• **WHAT YOU SHOULD DO**: Pictures aside, return every line below exactly as written.

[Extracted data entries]
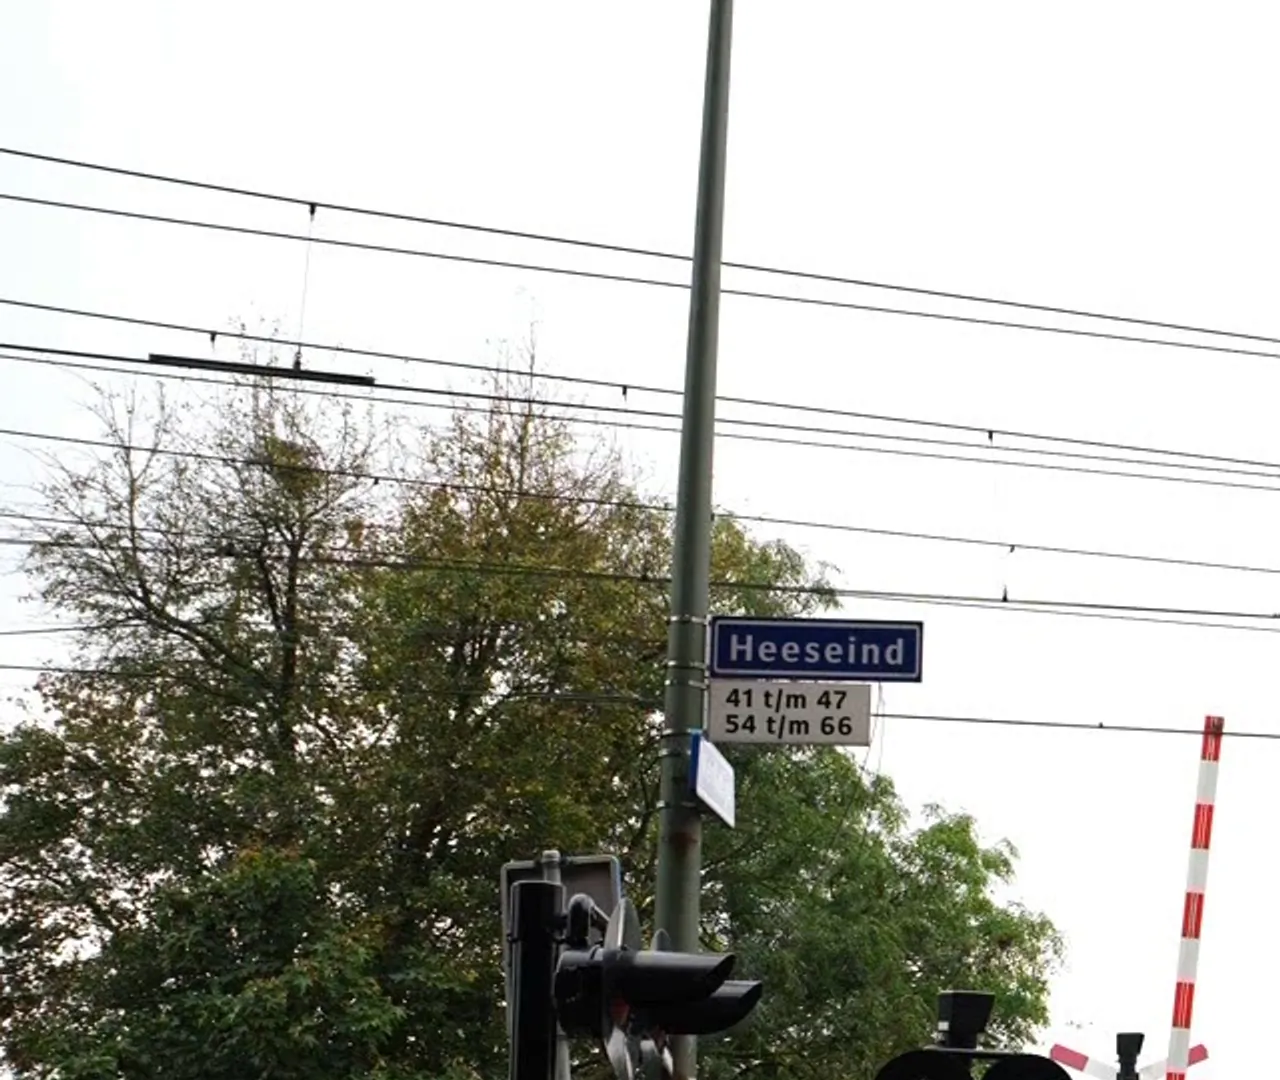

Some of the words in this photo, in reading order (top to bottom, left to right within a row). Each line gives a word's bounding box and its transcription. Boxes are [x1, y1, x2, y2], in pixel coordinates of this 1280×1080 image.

[729, 632, 904, 666] Heeseind
[725, 688, 753, 708] 41
[763, 688, 807, 713] t/m
[816, 690, 848, 710] 47
[724, 714, 756, 734] 54
[766, 715, 810, 739] t/m
[820, 716, 853, 736] 66

• **SOLUTION**:
Some of the words in this photo, in reading order (top to bottom, left to right within a row). Each line gives a word's bounding box and its transcription. Boxes are [x1, y1, x2, y2], in pixel coordinates of this 1280×1080 image.

[729, 632, 904, 666] Heeseind
[725, 688, 753, 708] 41
[763, 688, 807, 713] t/m
[816, 690, 848, 710] 47
[724, 714, 756, 734] 54
[766, 715, 810, 739] t/m
[820, 716, 853, 736] 66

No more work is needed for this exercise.